Neil Light left the band for family reasons in 1979 and was replaced by Bill Mair and later Toronto native Wayne Brown. Fritz left to join Helix a few months later and was replaced by Dixie Lee.  Starchild continued to tour across Canada, and although the band never made it to Europe, their records sold better there than they did in Canada. The single “No Control for Rock-n-Roll” was covered by a band from the Netherlands in the 1980s.

In early 1982, the band went into Metalworks Studios owned and operated by Triumph's Gil Moore, and recorded a two-song demo ("Steamroller Rock", "I Need A Woman Tonight") to shop for a new record label. Their contract with Axe records was mutually ended because the label wanted the band to change their look and musical style to the new wave trend that was becoming popular due to the success of bands like The Knack.  The band however wanted no part of that and decided to go in more of a heavy metal direction, influenced by bands like Judas Priest and Iron Maiden.

Toronto-based Attic Records were interested in signing the band but road fatigue took its toll, and Starchild split up in the summer of 1982 just before its Toronto audition for Attic.  In the seven years between formation and breakup in 1982, Starchild toured across Canada constantly.

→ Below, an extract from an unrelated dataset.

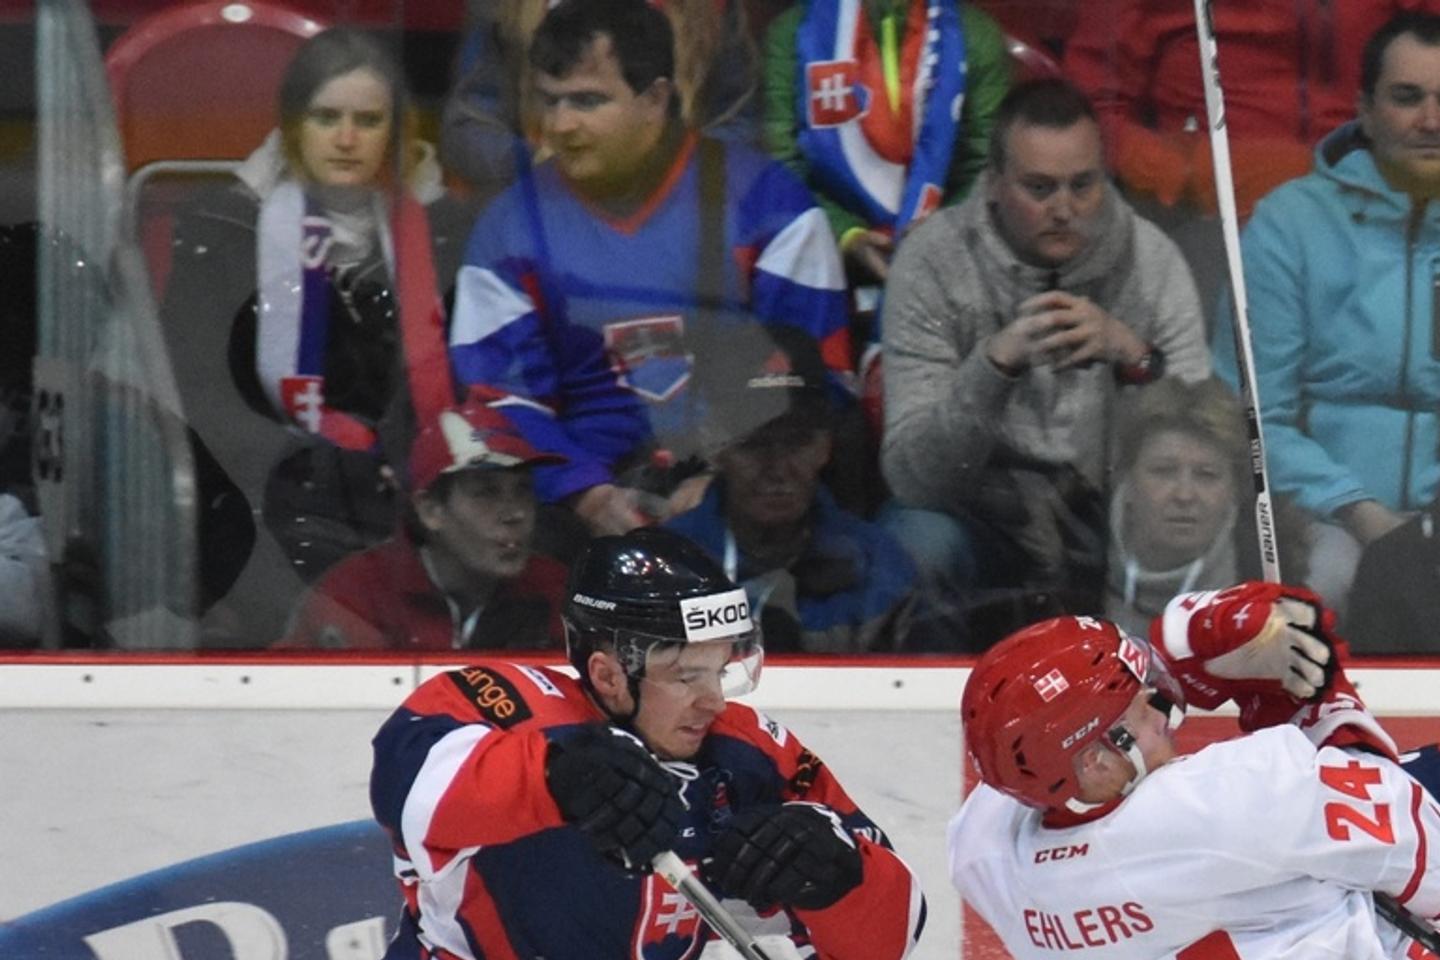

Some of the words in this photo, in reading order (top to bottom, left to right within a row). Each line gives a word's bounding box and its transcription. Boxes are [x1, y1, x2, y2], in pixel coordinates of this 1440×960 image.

Bob Sprenger and Neil Light formed the band Thief in the Night in 1985, opening for Trooper and Platinum Blonde and others before disbanding in 1990.

Sprenger recorded two CDs with power trio Distant Thunder in the early 1990s and reunited with original Starchild bass player Neil Light to form the rock cover band Wake the Giants in 2001.  With Canadian comedian Ron Pardo (History Bites) on drums and his brother Jason on lead vocals as well as new bass player Sam Barber (who replaced Light in 2011) the band did mostly covers including material from the Children of the Stars LP but disbanded in August 2014. Sprenger is also the lead guitarist for a vocalist/keyboardist from London Ontario named Kathryn Marquis. They recorded and released a live CD called Your Kingdom Come in 2011 and recently recorded a new CD called Fire which includes a Sprenger written song called "Purest Love". It was his first recorded and published song since the Starchild days.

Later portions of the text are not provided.